With both Nintendo's outreach to bring smartphone games to the Wii U and Sony's PlayStation Mobile platform, I can't help but feel that there's a strong element of PR involved. Not PR aimed at consumers, but PR aimed squarely at developers - small studios in particular, people who have come to see mobile phones as the natural home for their software while regarding Nintendo and Sony's platforms as being closed-up gardens, tucked away behind high walls that can only be scaled by multinational publishers and other such deep-pocketed types. We've seen with the tone and pitch of Sony's PlayStation 4 announcements how important it considers it to be to get support from grassroots developers as well as sewing up a steady stream of AAA titles. PlayStation Mobile as an early shot in that war - and to the surprise of many, it looks like Nintendo may now be willing to court the same market.
"The real objective is something else - it's a way to show developers that the gates to console development are standing open in a way they never really were before"
So is this a "fight back" against the rise of mobile? Not really, no. The reality is that even if GungHo's Puzzle & Dragons is making millions of dollars a day on mobile (it's the most embarrassingly addictive mobile game I've ever played, for the record, and while I have yet to give it a single Yen of my hard-earned after a month of play, I won't regret doing so down the line), its presence on the Wii U still wouldn't be a system seller, or even a terribly big commercial success, most likely. Much of the coverage of Nintendo's announcement has been focused on the idea of existing mobile titles being launched on Wii U, just as early coverage of PlayStation Mobile pitched it alternately as a way to bring PSone classics to mobile phones and a way to bring mobile phone games to Vita. In both cases, the real objective is something else - it's a way to show developers that the gates to console development are standing open in a way they never really were before.

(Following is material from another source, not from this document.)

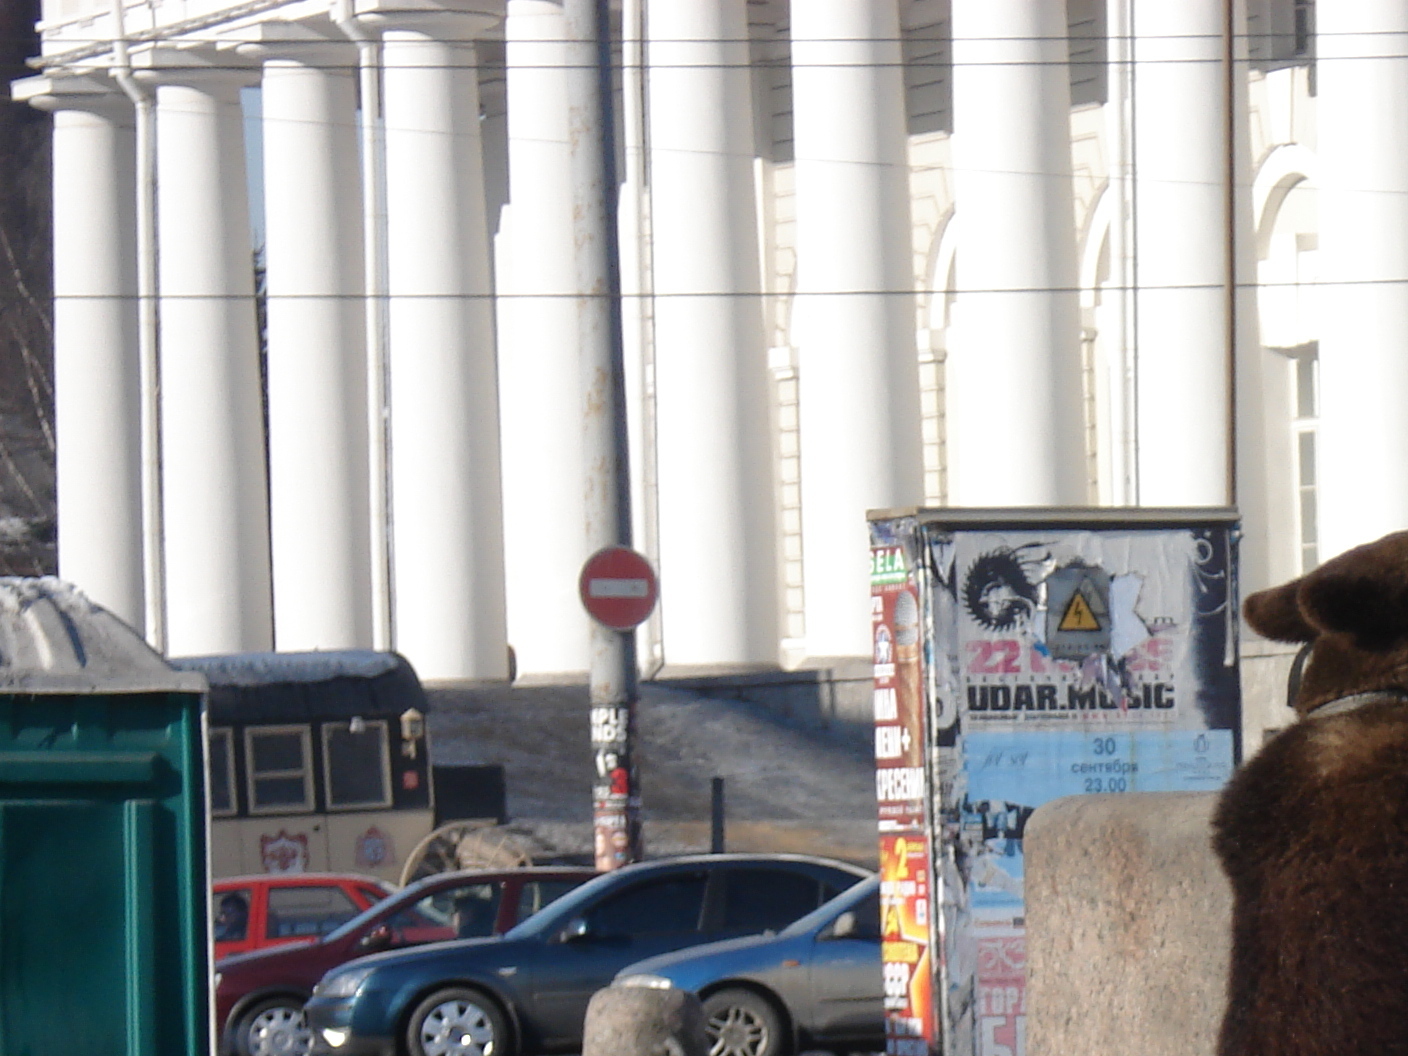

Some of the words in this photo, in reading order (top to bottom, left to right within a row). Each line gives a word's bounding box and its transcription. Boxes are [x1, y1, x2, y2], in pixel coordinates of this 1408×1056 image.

[1093, 737, 1116, 756] 30
[1071, 761, 1139, 774] сентября
[1084, 777, 1127, 793] 23.00

For Sony, the realisation of the increasingly distributed nature of game development - which was once centralised in a tiny number of publishers and a slightly less tiny number of expensively-run studios - took a tough hardware generation and a fair bit of internal struggle. For Nintendo, I suspect that it runs even more counter to the firm's internal philosophy, and I would not be hugely optimistic about the company's chances of building a really welcoming platform for the wider development community. All the same, a firm doesn't stay in business for over a century without becoming pretty good at moving with the wind when the times require it. First for Sony and now for Nintendo, the strategy for dealing with the influx of mobile is not to surrender - it's to be about figuring out how to co-exist in the industry's new reality.